Erinnern wir uns nochmal zurück an INK4a (siehe zelluläre Seneszenz) und IGF-1 (siehe deregulierte Nährstoffmessung). Für beide Parameter wurde eine paradoxe Wirkung im Laufe des Lebens beschrieben. Ein Anstieg von INK4a treibt Zellen in einen Stillstand des Zellzyklus – es kommt zur Seneszenz.
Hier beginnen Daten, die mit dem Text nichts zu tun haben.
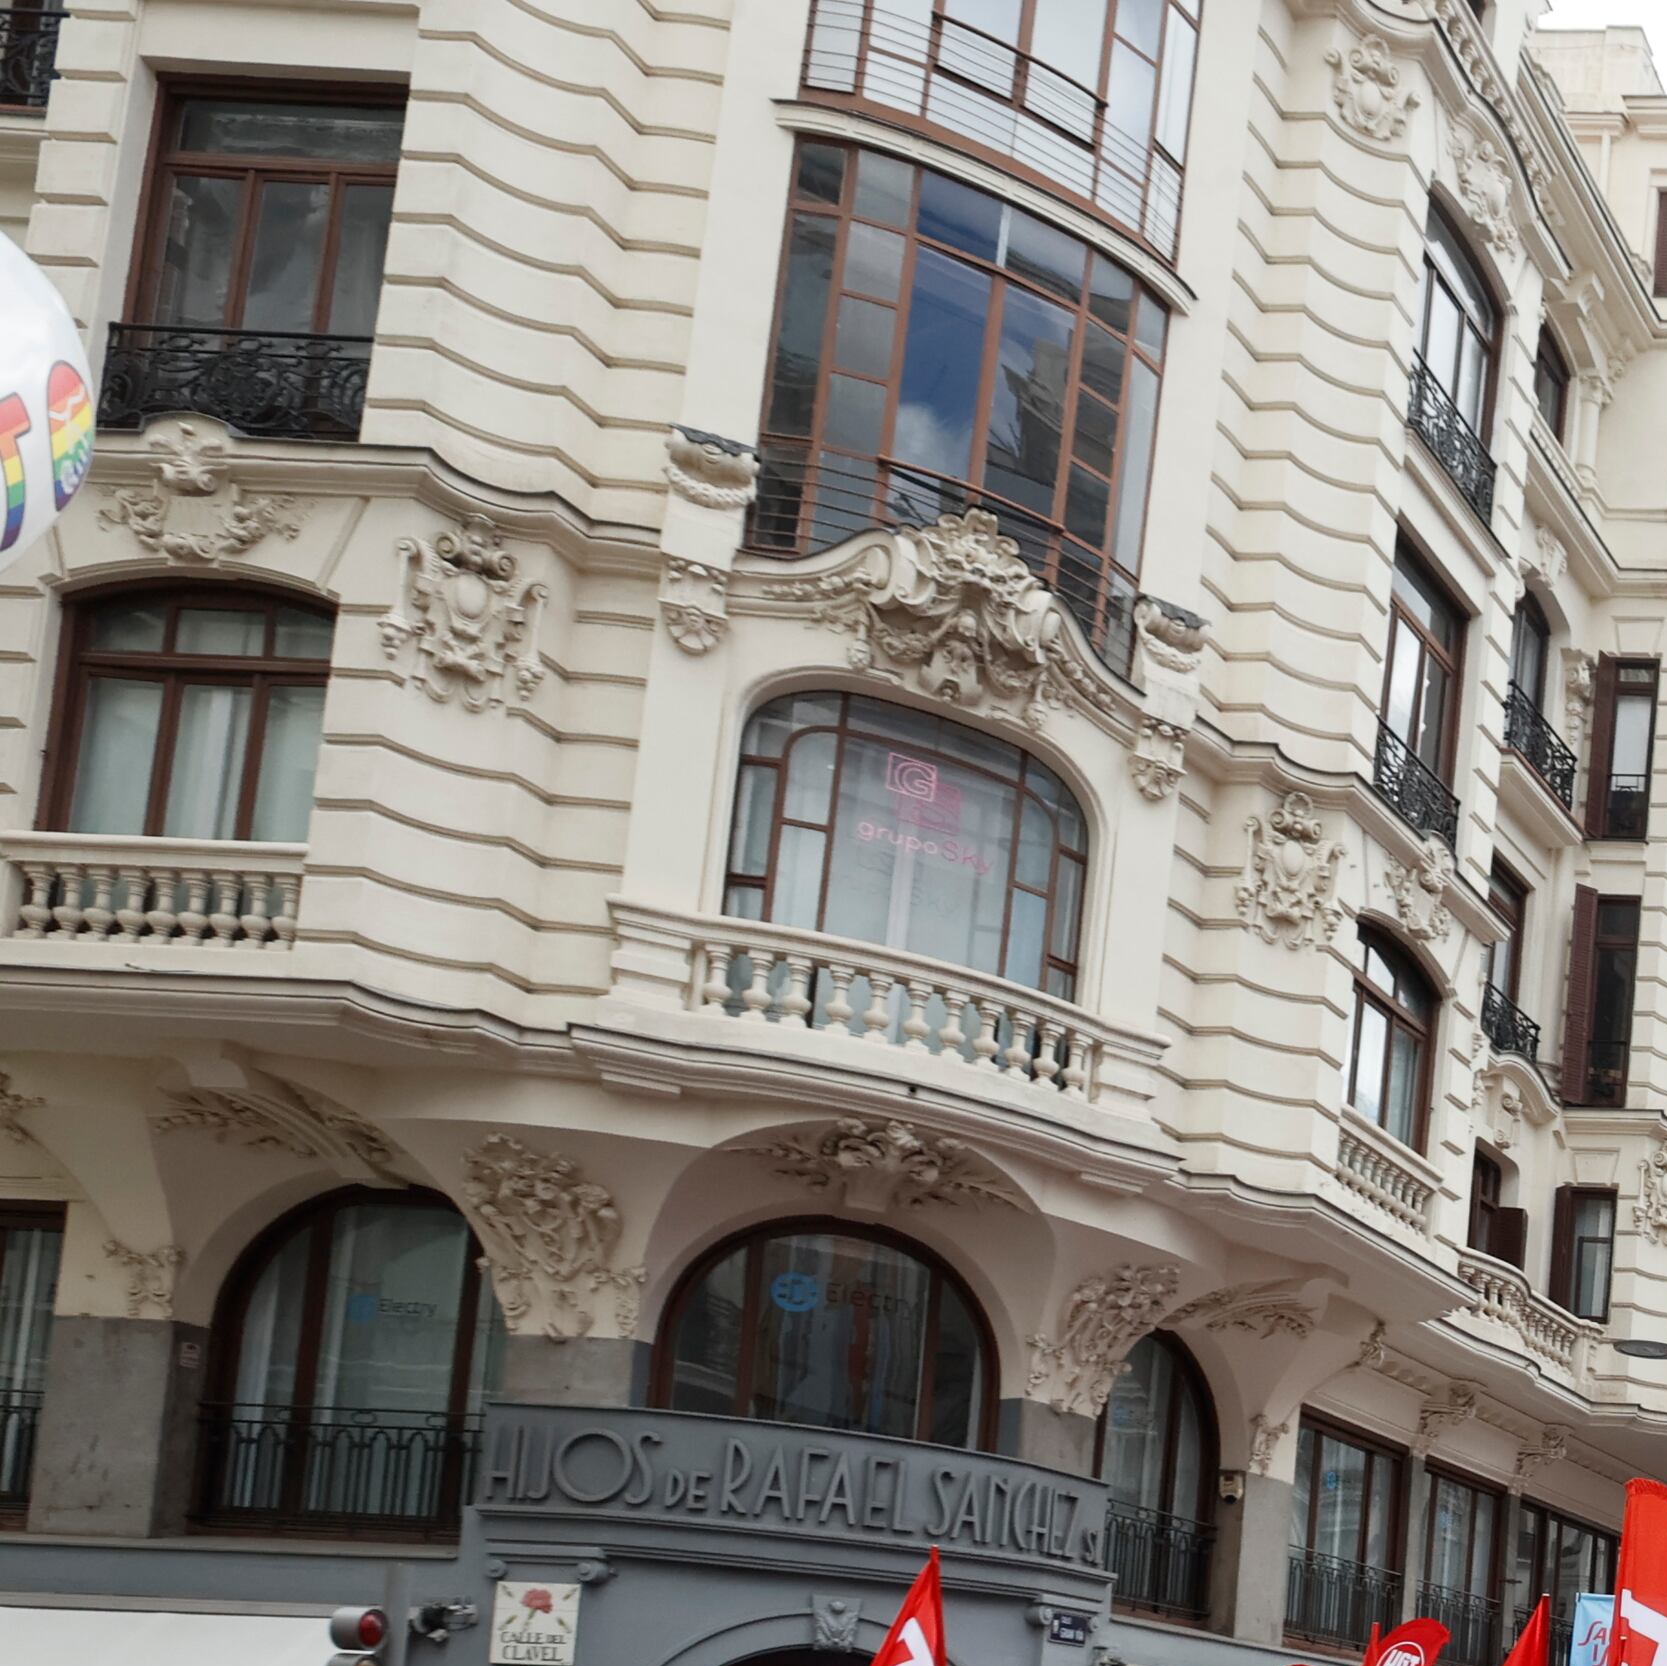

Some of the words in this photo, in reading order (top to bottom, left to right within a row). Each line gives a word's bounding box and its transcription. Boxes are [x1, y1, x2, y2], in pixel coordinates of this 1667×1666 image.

[483, 1425, 663, 1504] HIJOS
[665, 1470, 711, 1511] DE
[719, 1437, 914, 1533] RAFAEL
[501, 1631, 543, 1644] CALLE
[502, 1645, 563, 1661] CLAVEL
Ebenfalls ist eine Abnahme von IGF-1 im Serum mit einem Rückgang der Zellteilungsfähigkeit assoziiert. Beide Vorgänge kommen während dem normalen Altern vor, passieren aber in positiver Absicht. Und zwar spiegeln sie den Versuch unseres Körpers wider, die Integrität der Stammzellen zu erhalten.

Wusstest Du? In den Hallmarks of Aging findet sich häufig die Erwähnung von freien Sauerstoffradikalen. Die sogenannten ROS spielen dabei eine Doppelrolle. Im jungen Alter können sie von Vorteil für uns sein, während ein Übermaß an ROS unsere DNA und unsere Proteine zerstören kann. Genauso wirken sich die ROS auf die Stammzellen aus. Ein zu viel dieser Radikale kann potentiell zur Stammzellerschöpfung beitragen.
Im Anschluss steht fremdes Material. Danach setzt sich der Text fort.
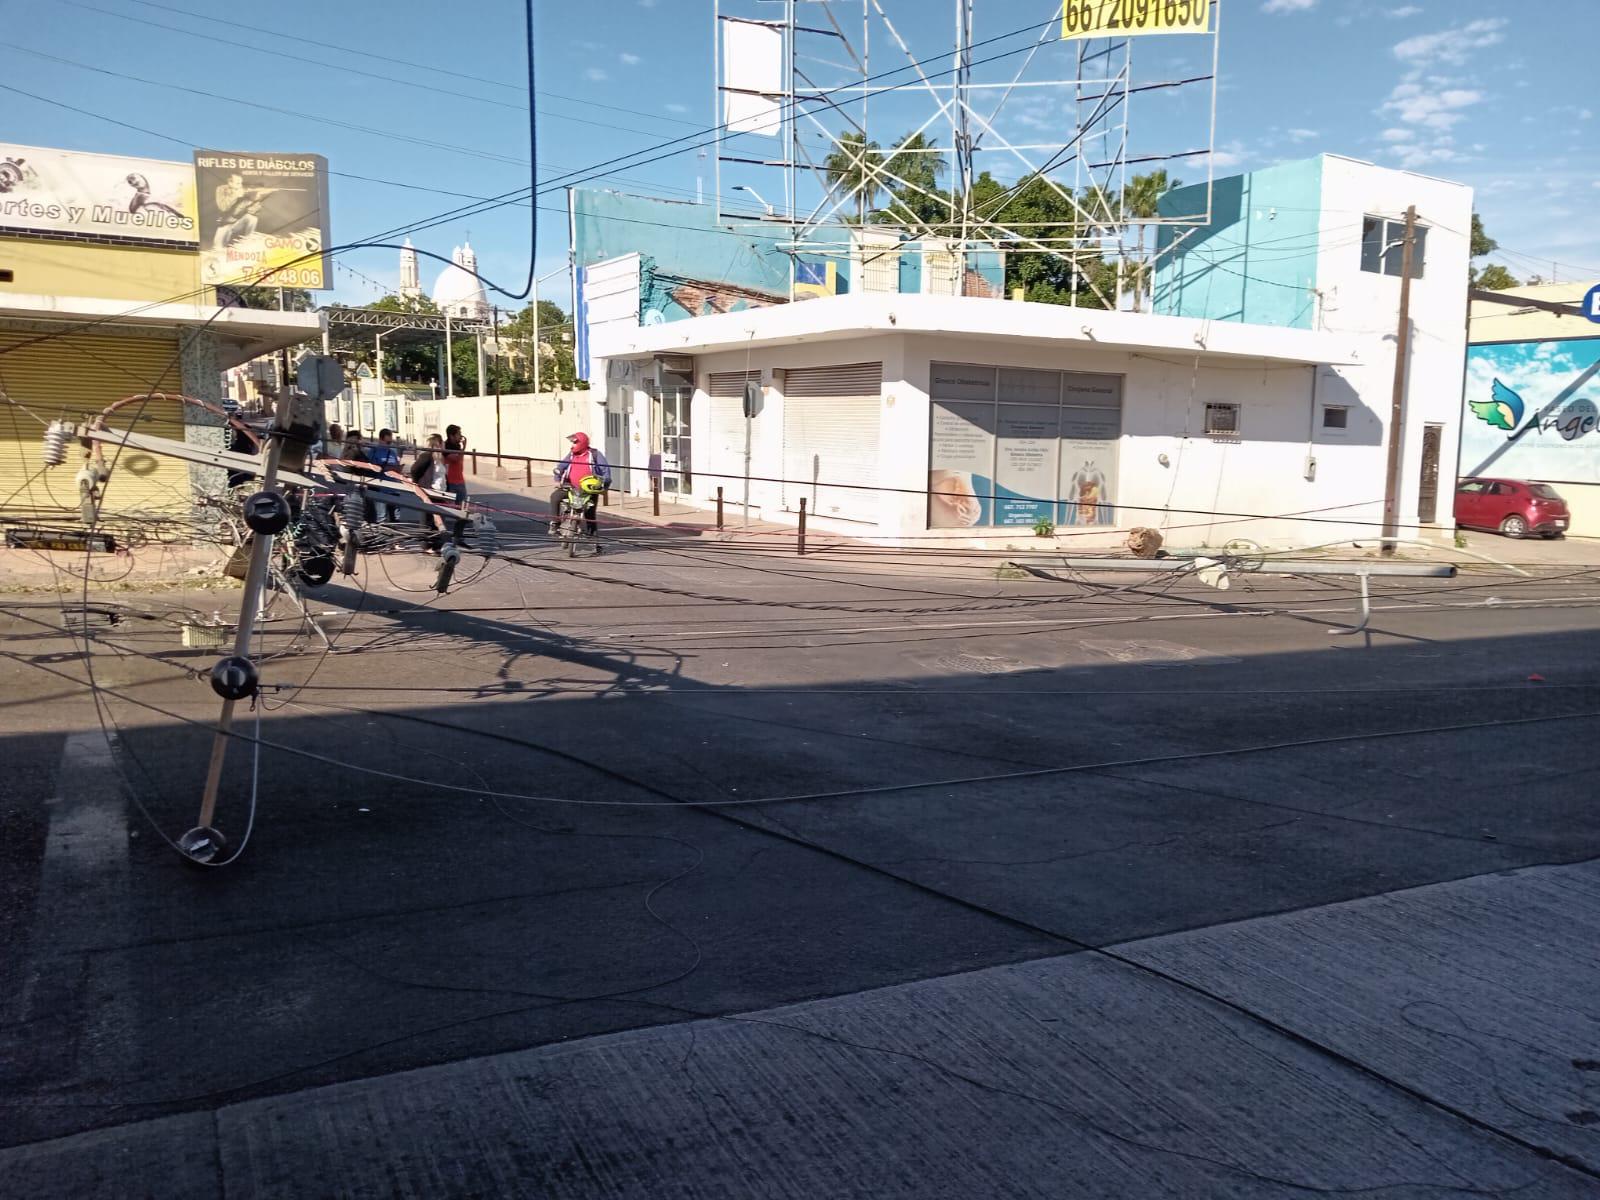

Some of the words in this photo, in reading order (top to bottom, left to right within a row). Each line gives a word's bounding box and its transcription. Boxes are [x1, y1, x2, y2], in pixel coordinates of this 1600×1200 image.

Unser Körper versucht dies hauptsächlich durch die Bildung von Glutathion zu verhindern. Wenn du mehr darüber wissen willst, dann schau gerne in unseren Artikel über GlyNAC rein. Da erklären wir dir auch, warum man Glutathion besser nicht substituieren soll und was die Aminosäure Glycin mit dem Thema zu tun hat.

GlyNAC ist ein vielversprechendes Molekül wenn es um zelluläre Energie und auch das biologische Alter geht.
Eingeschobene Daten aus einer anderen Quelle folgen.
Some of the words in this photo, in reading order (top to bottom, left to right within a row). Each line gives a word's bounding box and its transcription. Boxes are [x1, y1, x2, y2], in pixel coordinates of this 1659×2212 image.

FGF2 – ein neuer Ansatzpunkt für erschöpfte Stammzellen

Auf der Suche nach Wegen die Stammzellen wieder zu unserem Vorteil zu aktivieren, hat sich die Forschung mit dem Protein FGF2 beschäftigt. Dabei handelt es sich um einen Wachstumsfaktor für Zellen des Bindegewebes. Ist der FGF2-Spiegel im Körper hoch, dann führt dies bei gealterten Stammzellen zu einer Erschöpfung und damit zu einer Einschränkung der Erholungsfähigkeit.

Die gute Nachricht ist, dass eine Unterdrückung dieses Signalweges diesen Zustand verhindert. Hierbei handelt es sich also um eine mögliche therapeutische Strategie zur Bekämpfung der Stammzellenerschöpfung.

Wie können wir die Stammzellen stärken?

Gehen wir nun ein Stück weg von der Grundlagenforschung und wagen einen Ausblick auf die Zukunft. Wir wissen mittlerweile, dass unsere Stammzellen im Alter nicht mehr so leistungsfähig sind. Aber woher kommt dies? Was lässt unsere Stammzellen altern?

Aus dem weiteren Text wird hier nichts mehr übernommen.